Paparazzilere yakalanmayalım diye kamuflaj yapıp evlerine gidiyorum

Güncelleme Tarihi:

Paparazzilere yakalanmayalım diye kamuflaj yapıp evlerine gidiyorum
Oluşturulma Tarihi: Kasım 10, 2007 00:00

Kliniğinin kapısında paparazzilerin beklediği, oyuncu ve oyuncu eğitmeni Judy Kerr’in Acting is Everyting (Oyun Yeteneği Herşeydir) kitabında aktörlere ve aktör adaylarına gençleşmek için önerdiği doktor ABD’li Dermatolog Alex Khadavi, yüz germe ameliyatlarının son yıllarda ciddi bir ivme kaybettiğini söylüyor.

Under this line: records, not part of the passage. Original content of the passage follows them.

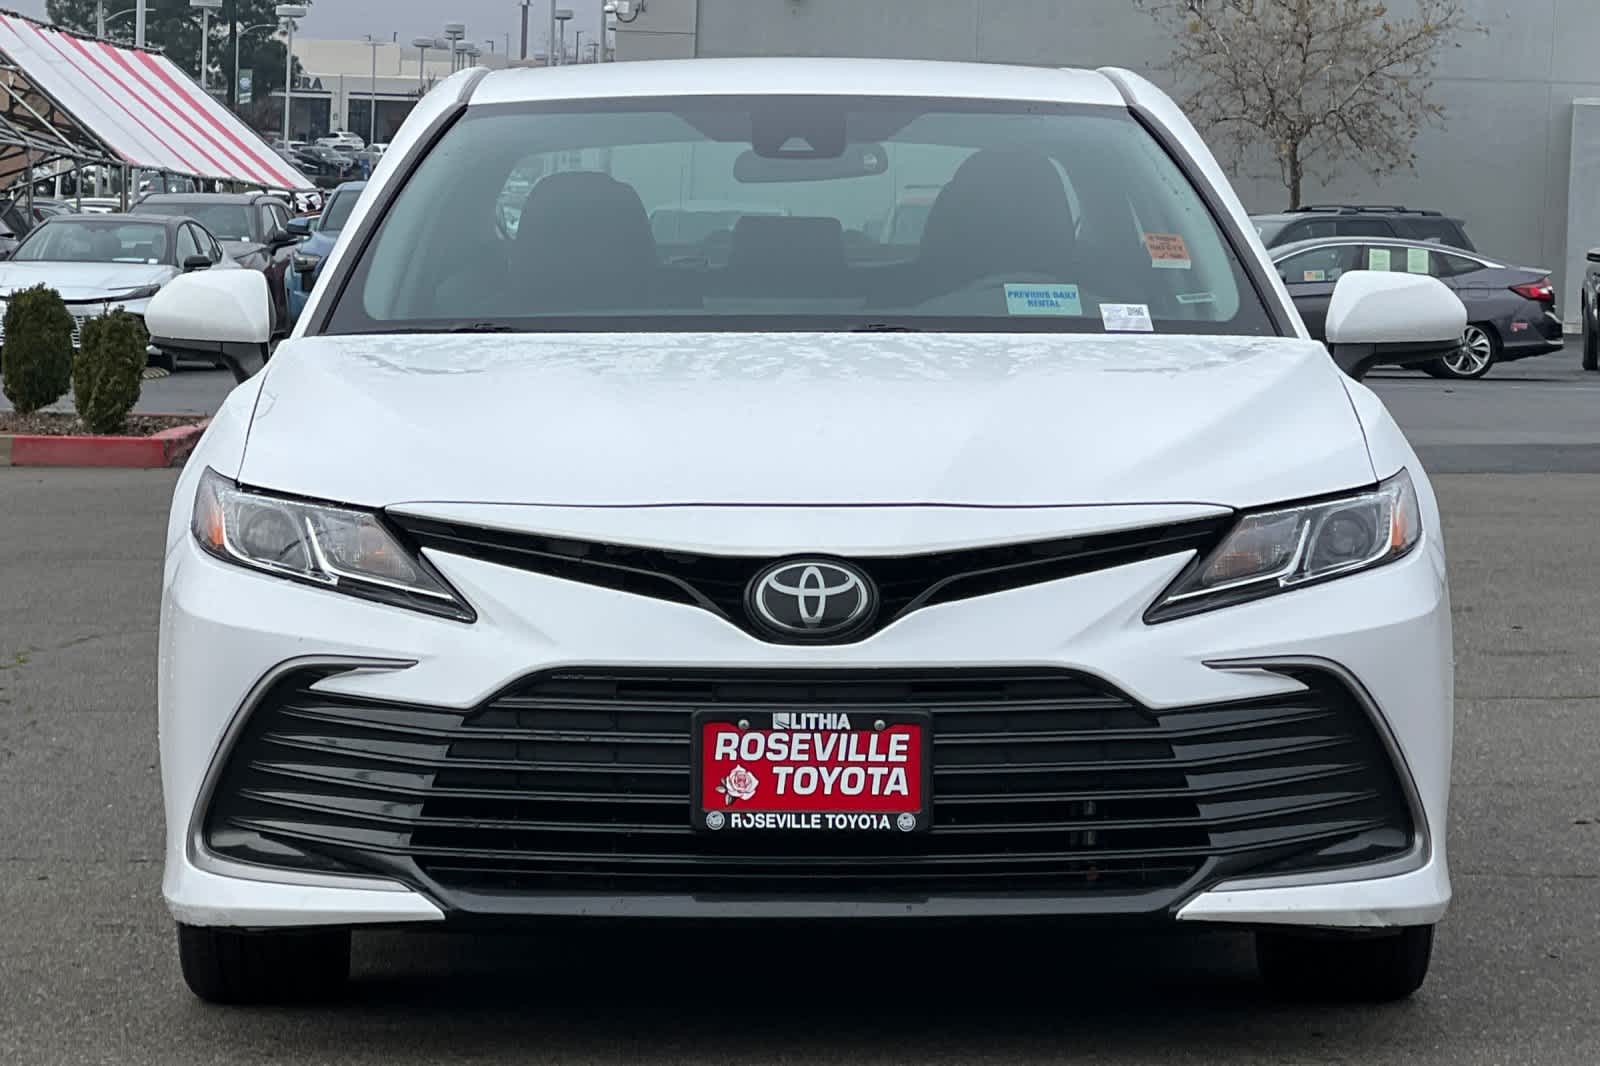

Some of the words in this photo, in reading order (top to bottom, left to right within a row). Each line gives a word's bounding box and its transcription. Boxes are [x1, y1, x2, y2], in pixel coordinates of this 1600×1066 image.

[790, 713, 851, 730] LITHIA
[714, 732, 910, 762] ROSEVILLE
[772, 766, 909, 796] TOYOTA
[731, 813, 821, 829] ROSEVILLE
[825, 814, 891, 830] TOYOTA
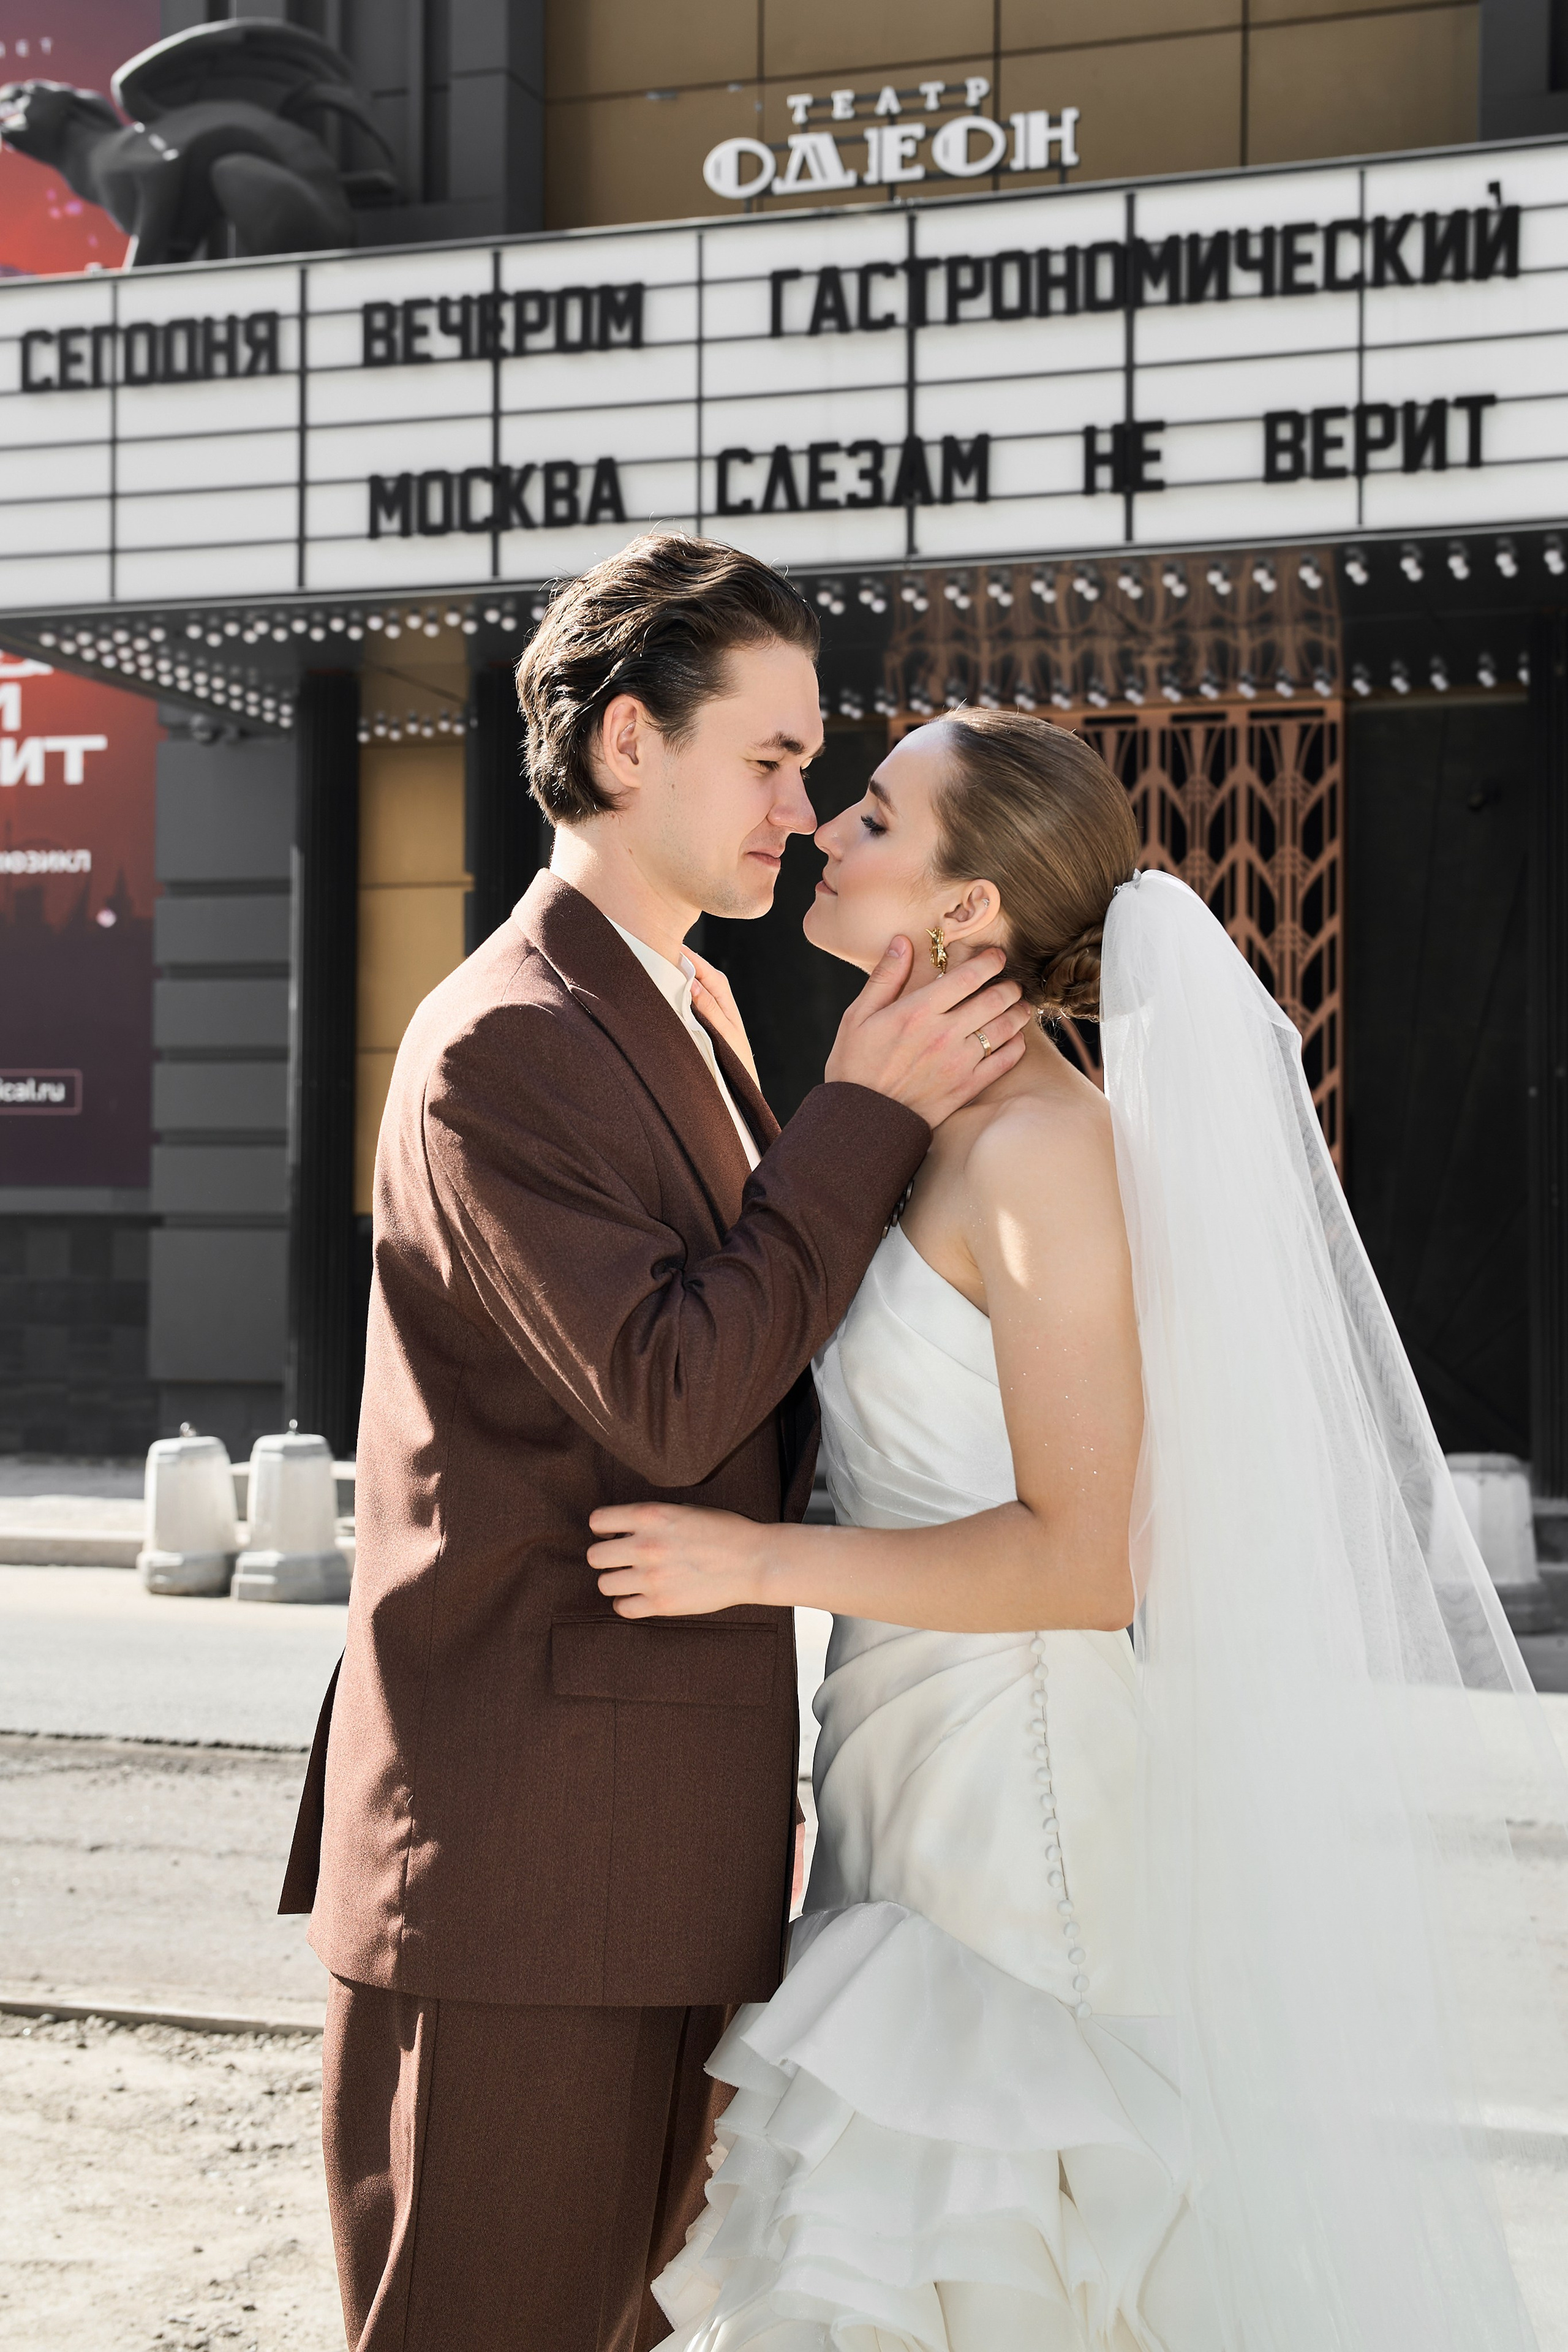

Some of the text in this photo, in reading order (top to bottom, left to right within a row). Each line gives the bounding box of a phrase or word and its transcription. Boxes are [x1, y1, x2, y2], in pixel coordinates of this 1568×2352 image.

[786, 76, 990, 124] ТЕАТР
[703, 107, 1080, 199] ОДЕОН
[21, 181, 1521, 392] СЕГОДНЯ ВЕЧЕРОМ ГАСТРОНОМИЧЕСКИЙ
[369, 394, 1498, 540] МОСКВА СЛЕЗАМ НЕ ВЕРИТ
[0, 849, 91, 875] ЮЗИКЛ
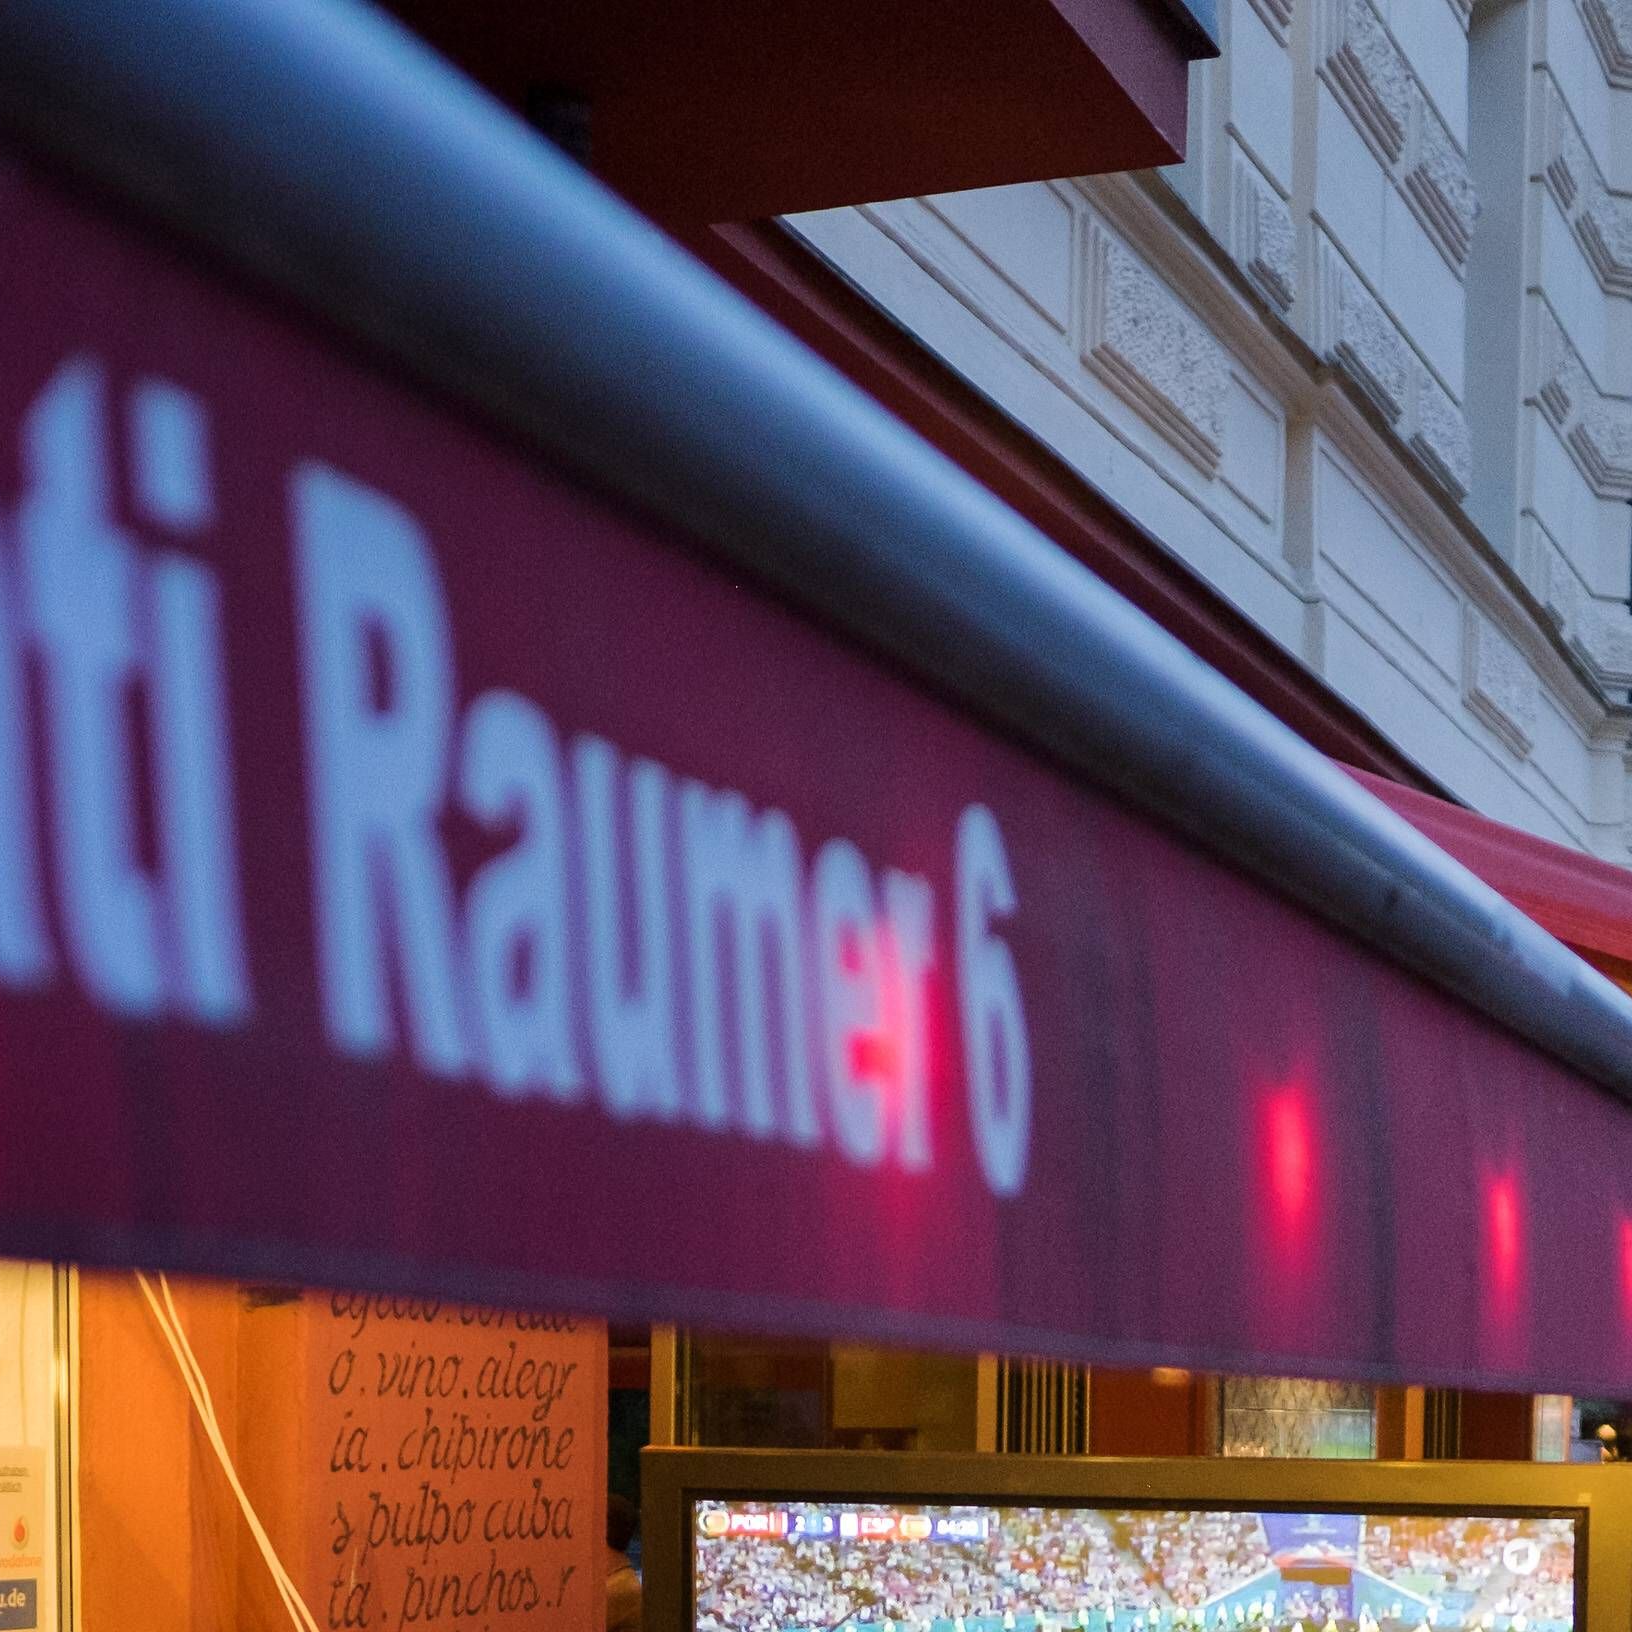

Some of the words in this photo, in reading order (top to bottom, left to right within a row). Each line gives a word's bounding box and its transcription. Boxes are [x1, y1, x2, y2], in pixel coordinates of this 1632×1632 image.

[292, 460, 936, 1168] Raumer
[956, 804, 1028, 1194] 6
[475, 1340, 578, 1422] alegr
[396, 1406, 575, 1485] chipirone
[361, 1480, 476, 1566] pulpo
[483, 1477, 573, 1543] cuba

Beverly Hills’de çalışan, Charlize Theron, Paula Abdul, Jessica Biel, NSYNC grubundan Lance Bass gibi ünlü hastaları bulunan 33 yaşındaki Khadavi, doğal görünümün korunduğu diğer gençleştirme yöntemleri peeling (soyma), lazer, dolgu ve özellikle botoksun ise ciddi yükselişinin devam ettiğini belirtiyor. İran kökenli Dr. Khadavi, ünlülerin tercihlerini anlattı:

Ünlüler gençleşmek için hangi yöntemleri tercih ediyor?

- Girişimsel olmayan, daha doğal tedaviler ile gençleştirme yöntemleri talep ediliyor. Bu yöndeki tedavilerin gelişmesi de talepleri artırıyor. Soyma, lazer, botoks, dolgu gibi yöntemler etkili sonuç verince, hastaların talepleri bu yöne kaydı. Eskiden yüz gerdirme çok istenirdi. Halbuki yüz gerdirme ameliyatı ve iyileşmesi için uzun zamana ihtiyaç var. Doğal olmadığı için bakınca anlamak da kolay. Artık insanlar zaman kaybetmek istemiyor. Daha genç görünmek istiyorlar ama yapılan işlem olabildiğince doğal görünsün, yapay olmasın diye tembihliyorlar. Biz hastalara çok sayıda seçenek sunuyoruz. Onlar genellikle çok zaman almayan, ameliyatsız yöntemleri tercih ediyor. Enjeksiyonların 1-2 günde, botoksun 10 dakikada izi kayboluyor. Ayrıca benim hastalarımın çoğunluğu Hollywood oyuncusu. Yüzlerinin değişmemesi lazım. Çoğu yüzünü gerdirmeyi göze alamaz. Yakın zamanda Paula Abdul’un yüzünü lazerle, enjeksiyonla gençleştirdik. Yüzünü mü gerdin, diye sordular. Ameliyat olmadığını kanıtlamak için kulağının arkasında operasyon izi bulunmadığını gösterdi.

Paparazzilerin kameralarından nasıl gizleniyorlar?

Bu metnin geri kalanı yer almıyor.